::: Extracted information :::

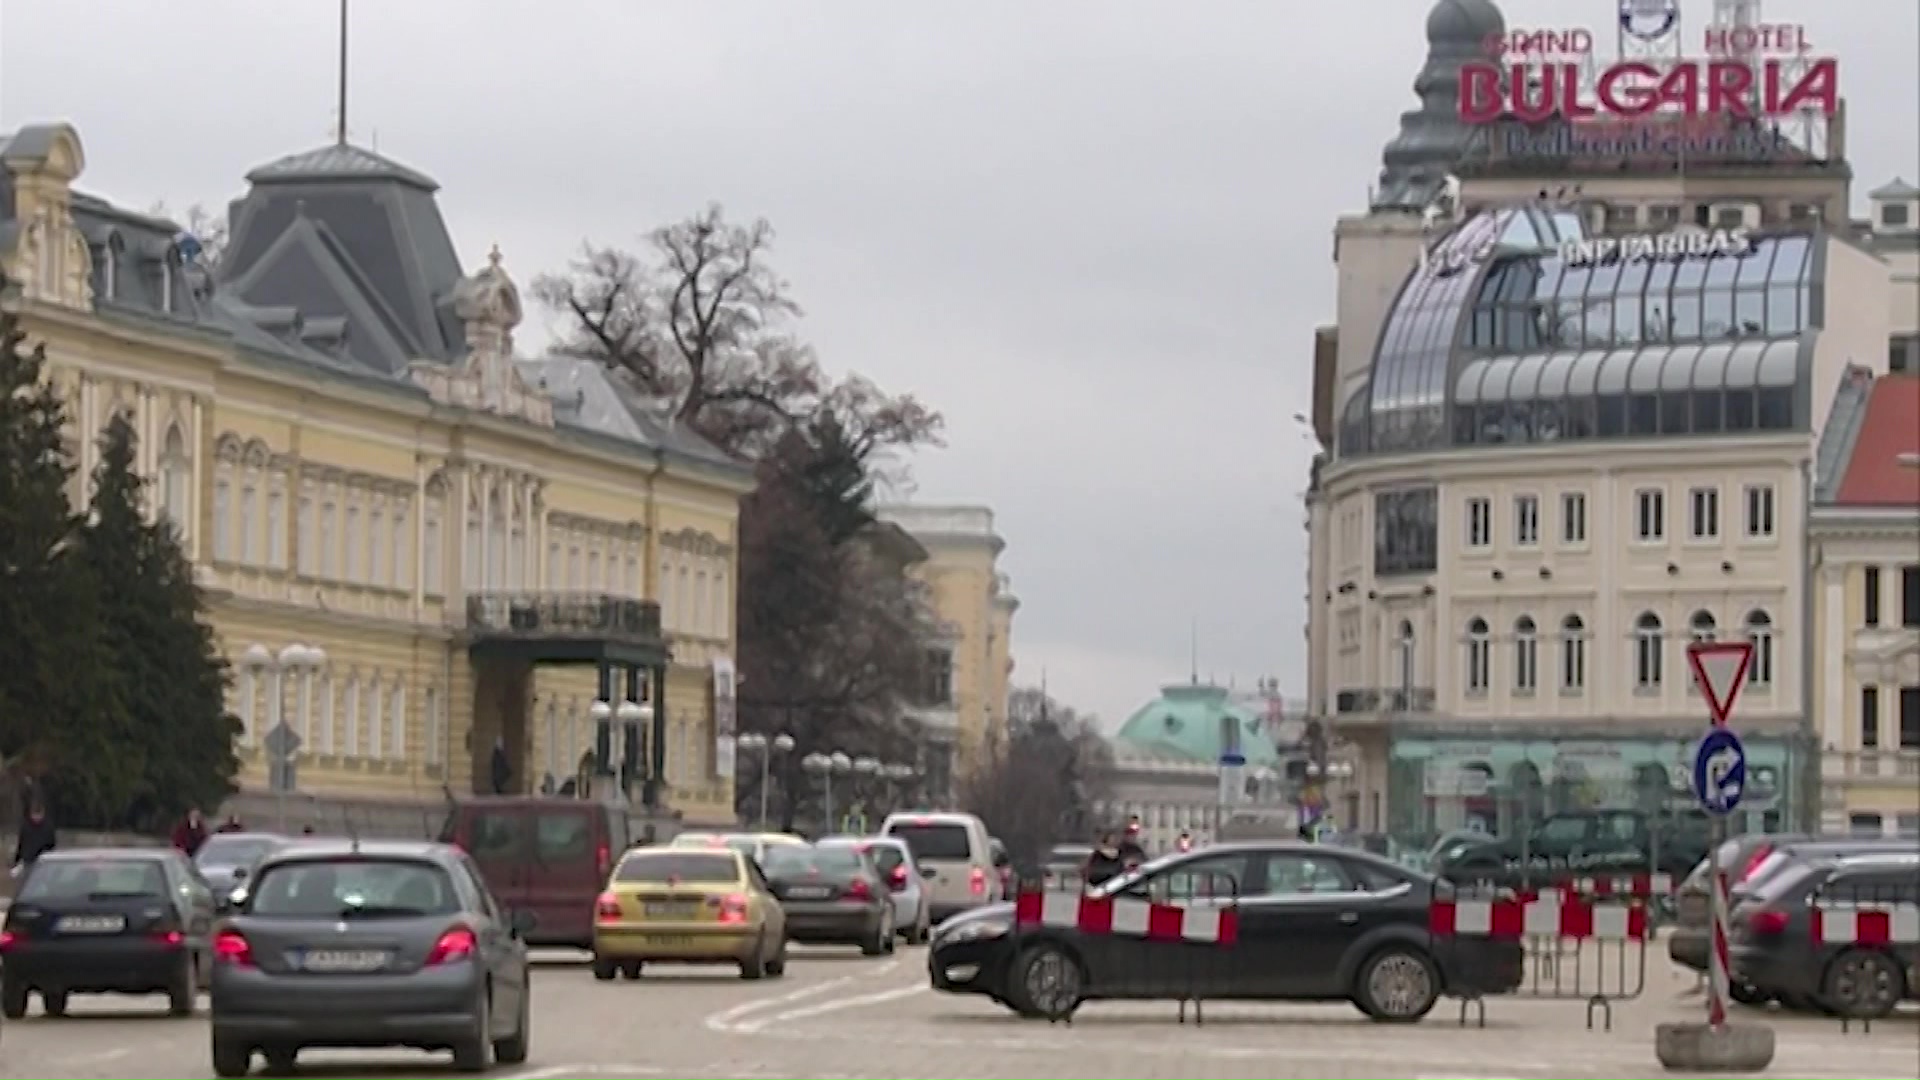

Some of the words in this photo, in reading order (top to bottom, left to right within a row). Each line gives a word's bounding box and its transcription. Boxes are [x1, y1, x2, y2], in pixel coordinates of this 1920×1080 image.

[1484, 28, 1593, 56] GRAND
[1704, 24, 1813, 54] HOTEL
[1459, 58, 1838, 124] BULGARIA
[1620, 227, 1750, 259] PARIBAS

:::

* _Work task_
Leaving out the images, repeat the listing above exactly.

* _Solved exercise_
Some of the words in this photo, in reading order (top to bottom, left to right within a row). Each line gives a word's bounding box and its transcription. Boxes are [x1, y1, x2, y2], in pixel coordinates of this 1920×1080 image.

[1484, 28, 1593, 56] GRAND
[1704, 24, 1813, 54] HOTEL
[1459, 58, 1838, 124] BULGARIA
[1620, 227, 1750, 259] PARIBAS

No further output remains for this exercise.